◆ **What the exercise asks**
For this exercise, transcribe all the entries exactly as given and omit the images.

◆ **Exercise material**
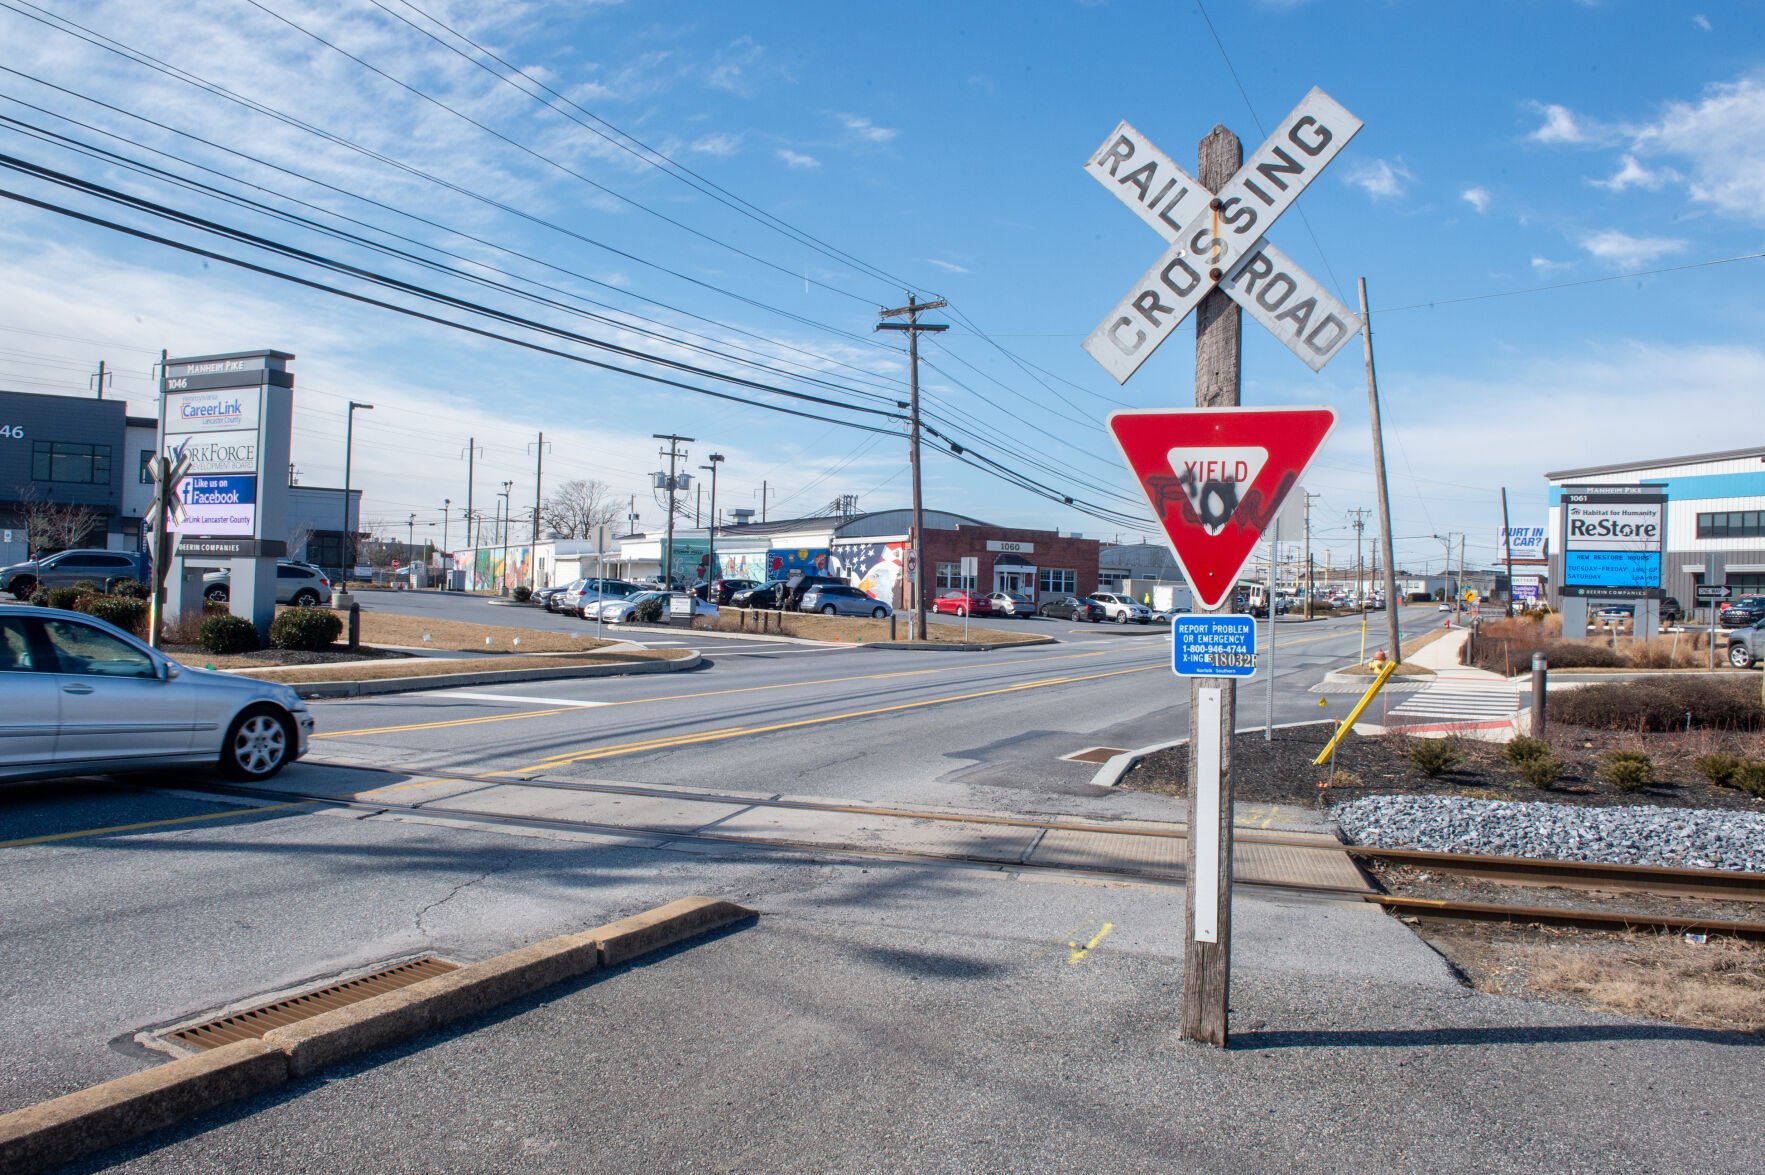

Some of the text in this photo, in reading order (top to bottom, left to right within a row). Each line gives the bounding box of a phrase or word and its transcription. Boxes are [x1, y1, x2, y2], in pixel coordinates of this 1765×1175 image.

[1107, 115, 1334, 357] CROSSING
[1098, 134, 1348, 357] RAIL ROAD
[188, 361, 244, 374] MANHEIM PIKE
[169, 378, 188, 388] 1046
[182, 398, 242, 417] CareerLink
[1184, 461, 1248, 482] YIELD
[194, 479, 208, 488] Like
[194, 490, 239, 504] Facebook
[230, 516, 250, 525] County
[1532, 528, 1544, 536] IN
[1571, 519, 1656, 537] ReStore
[1513, 538, 1542, 546] CAR?
[1179, 624, 1249, 634] REPORT PROBLEM
[1184, 634, 1245, 643] OR EMERGENCY
[1182, 645, 1247, 653] 1-800-946-4744
[1183, 654, 1203, 662] X-ING

◆ **Your response**
Some of the text in this photo, in reading order (top to bottom, left to right within a row). Each line gives the bounding box of a phrase or word and its transcription. Boxes are [x1, y1, x2, y2], in pixel coordinates of this 1765×1175 image.

[1107, 115, 1334, 357] CROSSING
[1098, 134, 1348, 357] RAIL ROAD
[188, 361, 244, 374] MANHEIM PIKE
[169, 378, 188, 388] 1046
[182, 398, 242, 417] CareerLink
[1184, 461, 1248, 482] YIELD
[194, 479, 208, 488] Like
[194, 490, 239, 504] Facebook
[230, 516, 250, 525] County
[1532, 528, 1544, 536] IN
[1571, 519, 1656, 537] ReStore
[1513, 538, 1542, 546] CAR?
[1179, 624, 1249, 634] REPORT PROBLEM
[1184, 634, 1245, 643] OR EMERGENCY
[1182, 645, 1247, 653] 1-800-946-4744
[1183, 654, 1203, 662] X-ING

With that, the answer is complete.